I have just had a visitor. She came with fruit and flowers: little Lidya. Not so little anymore, true (the usual Slavic slab, with something religious, Quakerish, in her bulk), yet I was briefly cheered by how vigorous she seemed. She’s in her mid-sixties; and don’t forget that Russian women live about twenty-five percent longer than Russian men (they get the full four quarters, and not just the three). I didn’t tell Lidya what I was here for exactly, but she understood that this was our last goodbye. She asked if she might say a prayer for me, and I said all right, on the assumption that I could probably bear it. I was quite wrong about that, and almost immediately started shouting her down. Not that ideology; I wasn’t going to lie
there and watch her kiss the Russian cross.
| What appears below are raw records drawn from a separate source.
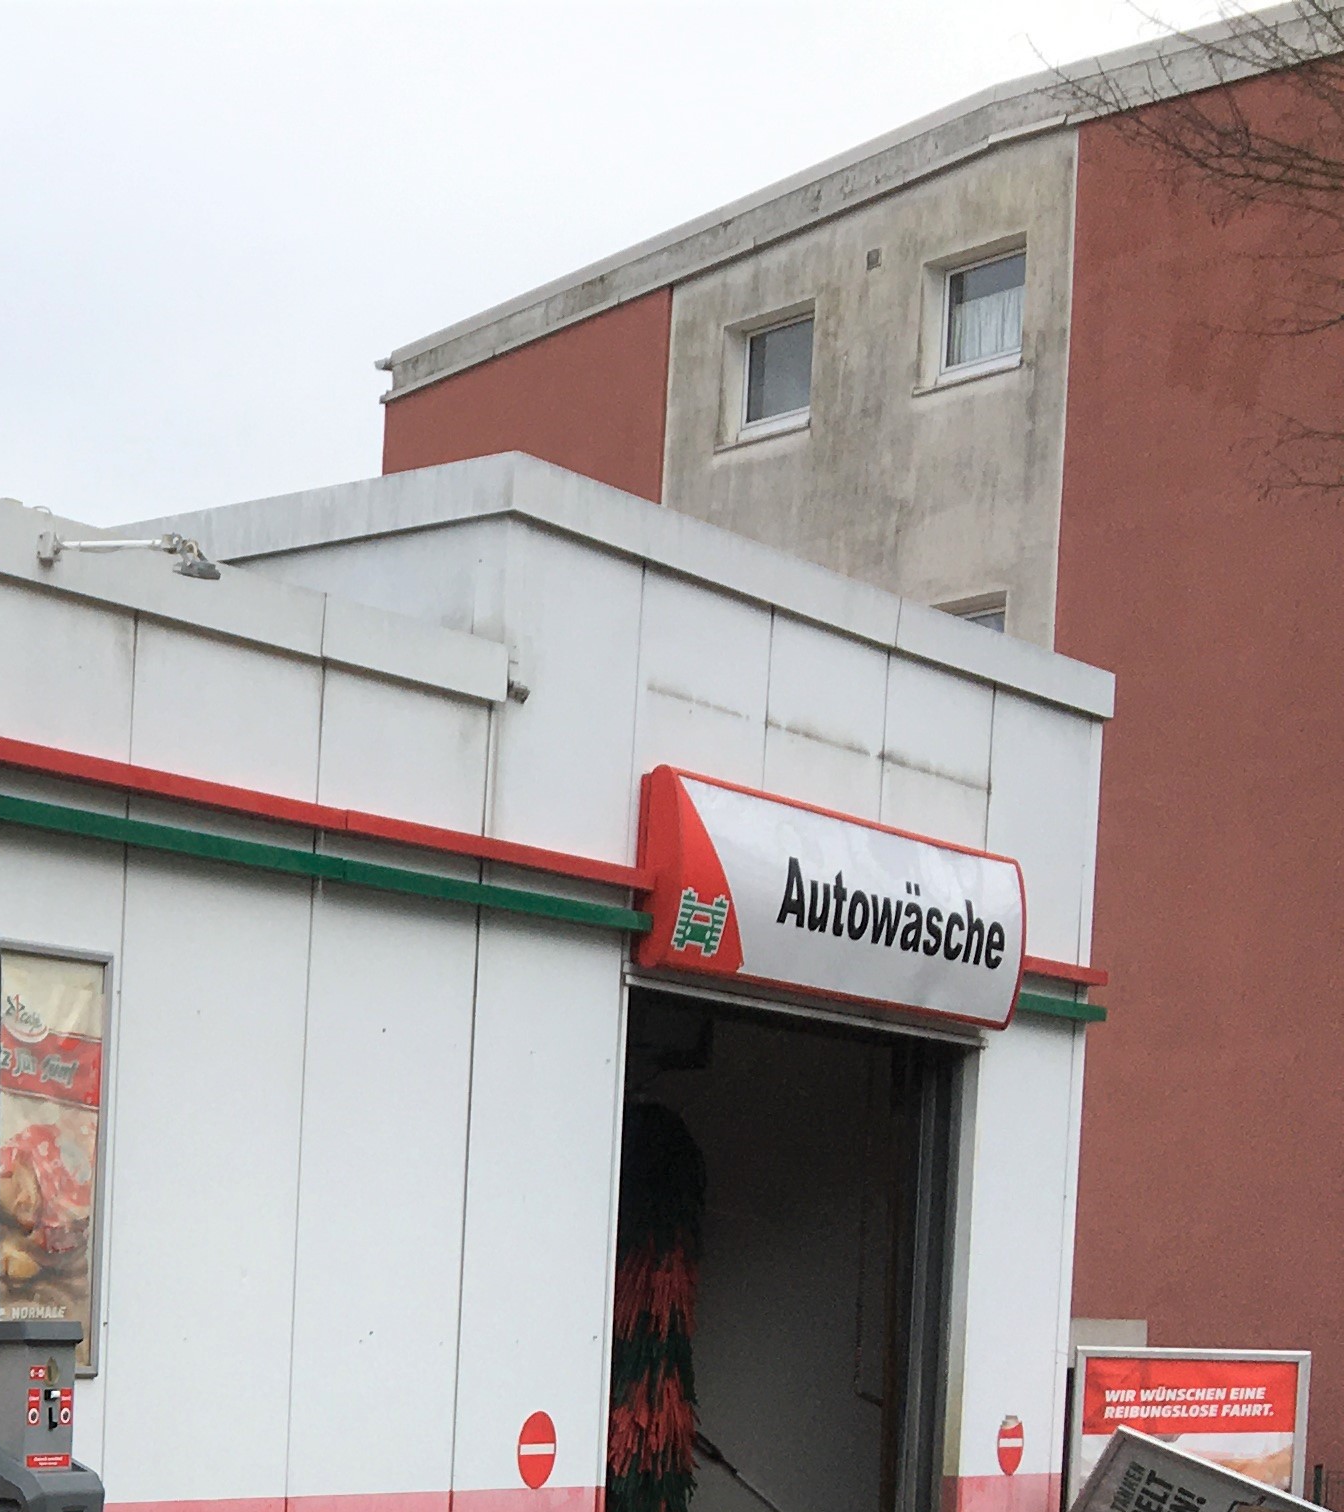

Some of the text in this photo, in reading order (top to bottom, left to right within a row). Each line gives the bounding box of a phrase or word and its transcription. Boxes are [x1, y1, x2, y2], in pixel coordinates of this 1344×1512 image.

[776, 856, 1005, 969] Autowäsche
[12, 1306, 67, 1319] NORMALE
[1104, 1386, 1266, 1402] WIR WÜNSCHEN EINE
[1103, 1403, 1274, 1419] REIBUNGSLOSE FAHRT.
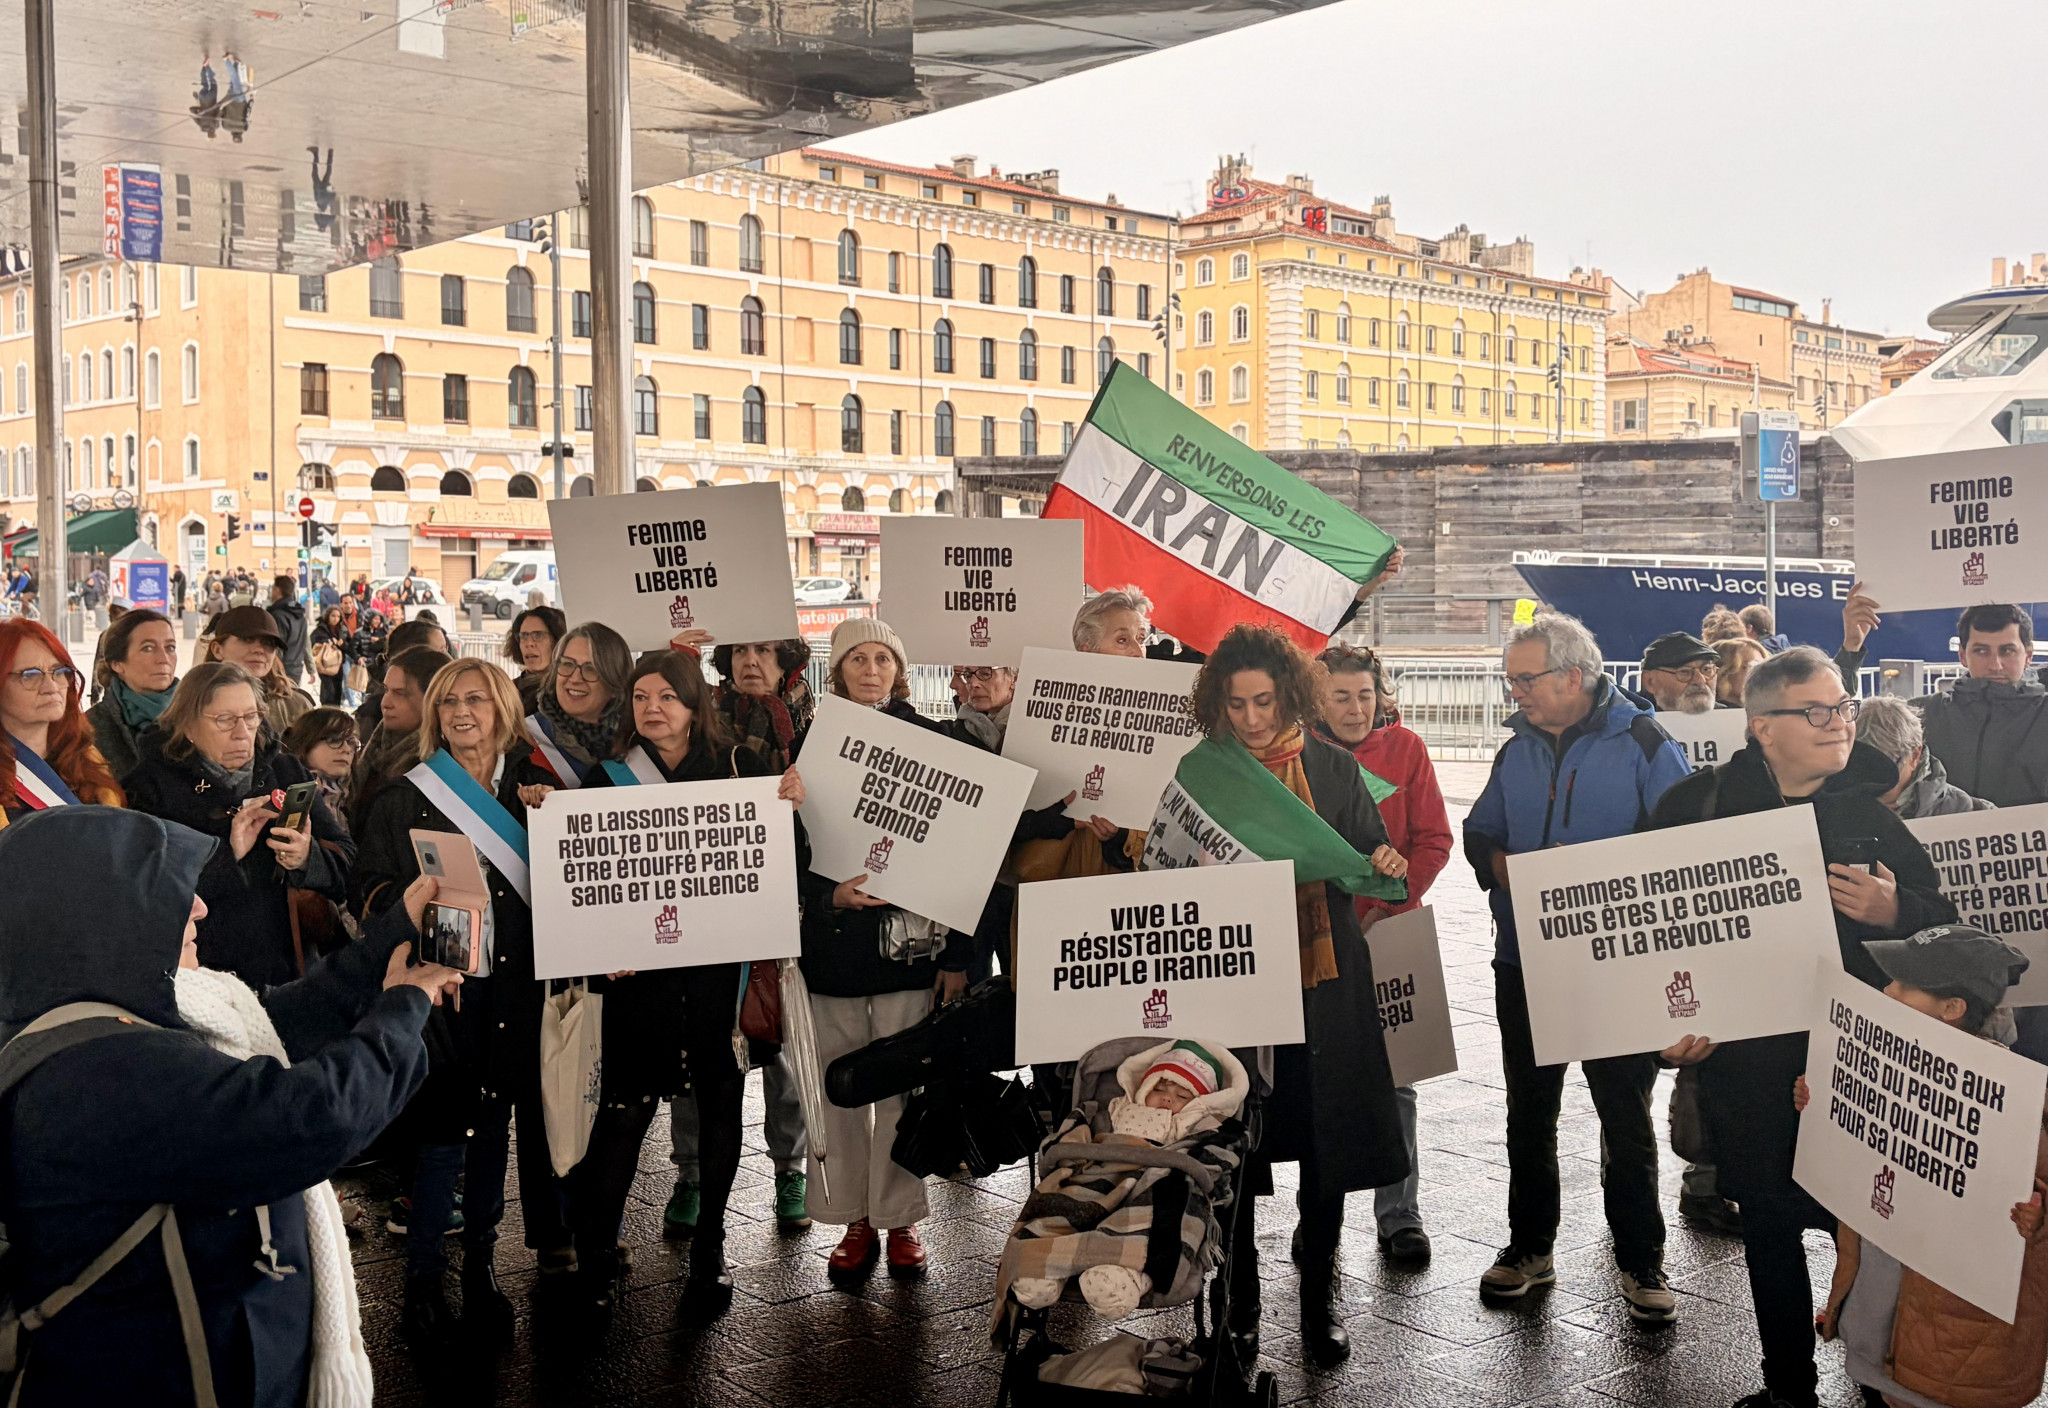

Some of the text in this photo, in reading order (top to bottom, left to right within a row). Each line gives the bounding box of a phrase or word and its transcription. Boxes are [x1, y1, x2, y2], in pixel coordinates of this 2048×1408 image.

[1166, 433, 1326, 539] RENVERSONS LES
[838, 538, 866, 547] JAIPUR
[1980, 856, 2048, 883] PEUPL
She apologized quite prettily, and stroked my brow, and backed out of the room. Yes, I’m in the room now. The room in the basement, with its two boilers and its thousands of pink and blue towels stacked on duckboards and smelling of vinegar. My sister-in-law will prepare another hardboard crate, and send you my PC, wallet, glasses, watch, my wedding ring and spirit level, and one or two of my clothes—a tie, a handkerchief. I gave Lidya the straight razor and the folder of poems.
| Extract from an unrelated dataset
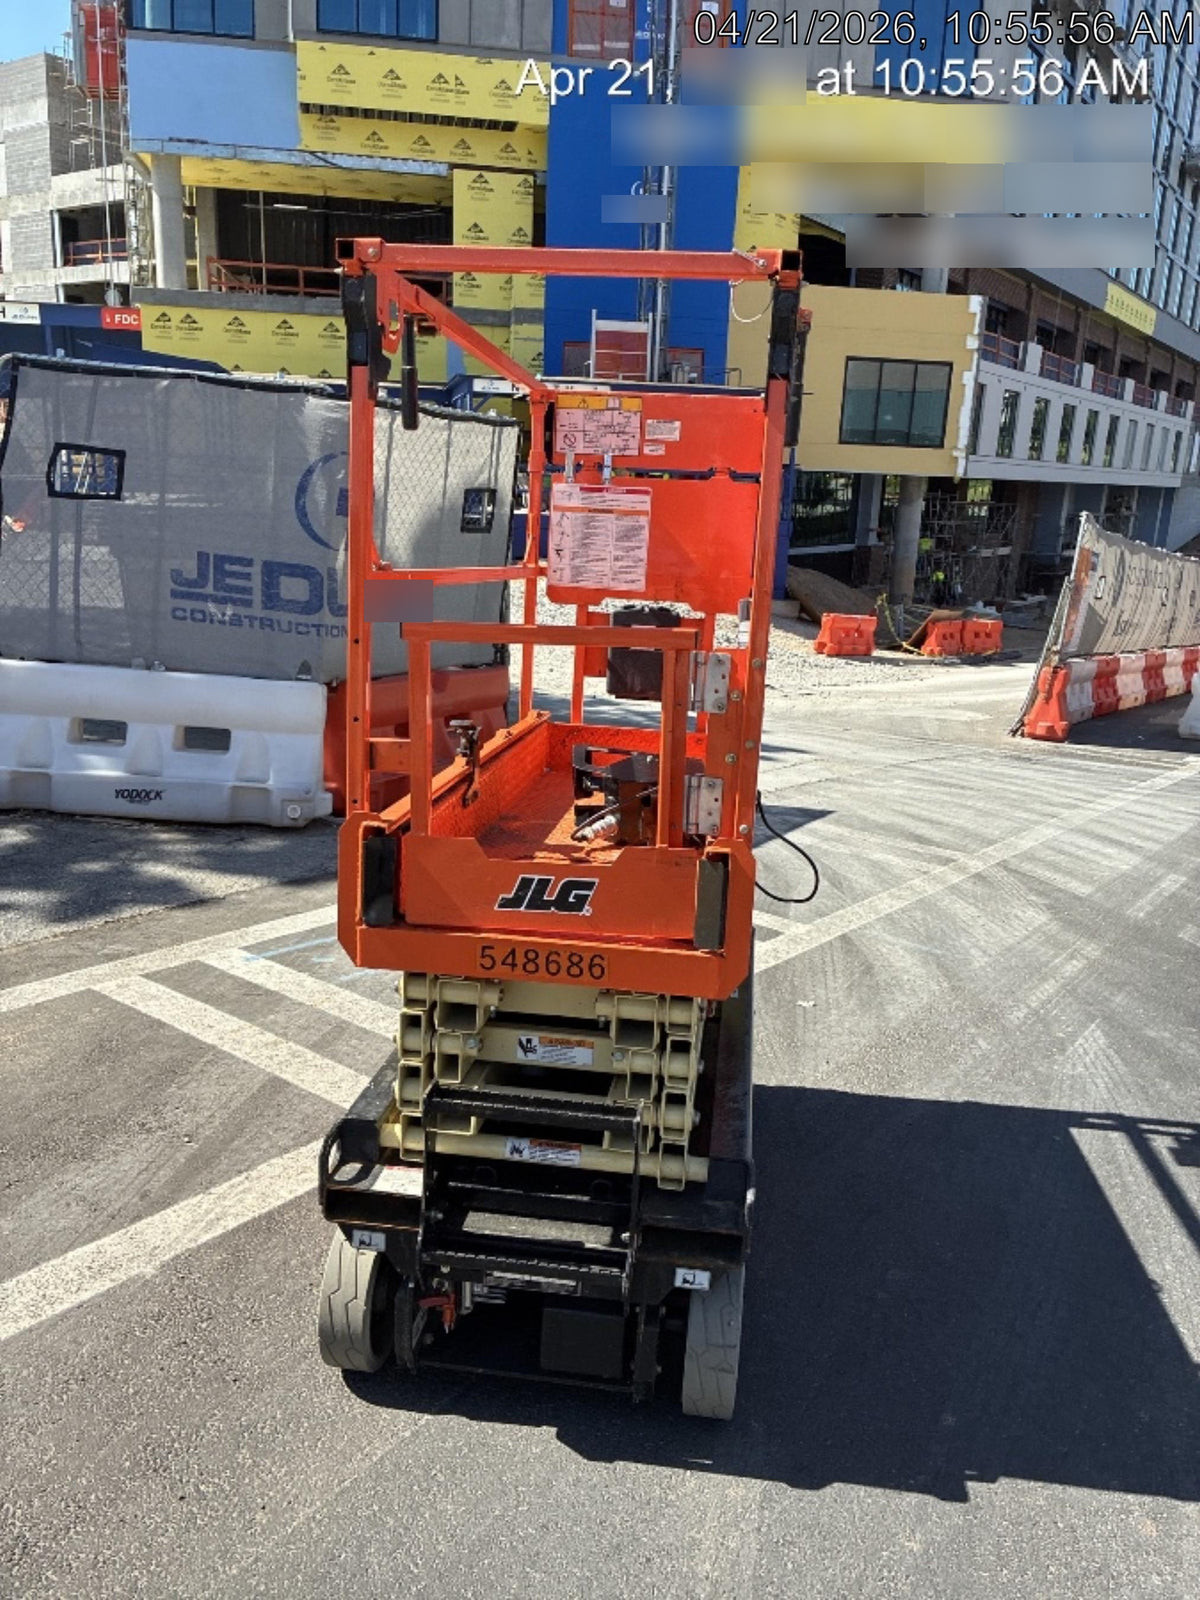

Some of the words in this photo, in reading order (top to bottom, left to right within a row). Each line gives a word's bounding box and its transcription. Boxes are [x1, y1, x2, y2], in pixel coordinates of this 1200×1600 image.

There’s a final gender difference I will draw your attention to, if I may. Prepare yourself for some good news. In 1953 I discovered how to die. And now I’ve forgotten again. But I do know this. Women can die gently, as your mother did, as my mother did. Men always die in torment. Why? Toward the end, men break the habit of a lifetime, and start blaming themselves, with full male severity. Women break a habit too, and start blaming themselves no longer. They forgive. We can’t do that. And I mean all men, not just old violators like me—great thinkers, great souls, even they have to do it. The work of who did what, and to whom.
What was the matter with me and women? On the plane, this morning, I engaged the search engine: “retrospective sexual jealousy.” Lots of sexual stuff, and lots of jealousy stuff, and lots of stuff about retrospectives. I toiled past a few thousand entries—and finally came to a stylish essay from the august British journal Mind and Body. It was called “Retrospective Sexual Jealousy and the Repressed Homosexual.” With the RSJ-merchant, the essay argues, it’s not the women he’s interested in—it’s the men. In other words, I’m crypto-queer. What makes me doubt this? Only the fact that I wouldn’t have minded, much, being queer in the first place. All right, I wouldn’t have liked it, in camp, taking my spoon and bowl and joining the passives, who ate at a separate table (and could only talk among themselves). After that, though, in the city, if you’re not making children anyway, what’s the difference? I know you wouldn’t think the less of me. But it’s probably worse, in my case, because I was queer for my brother.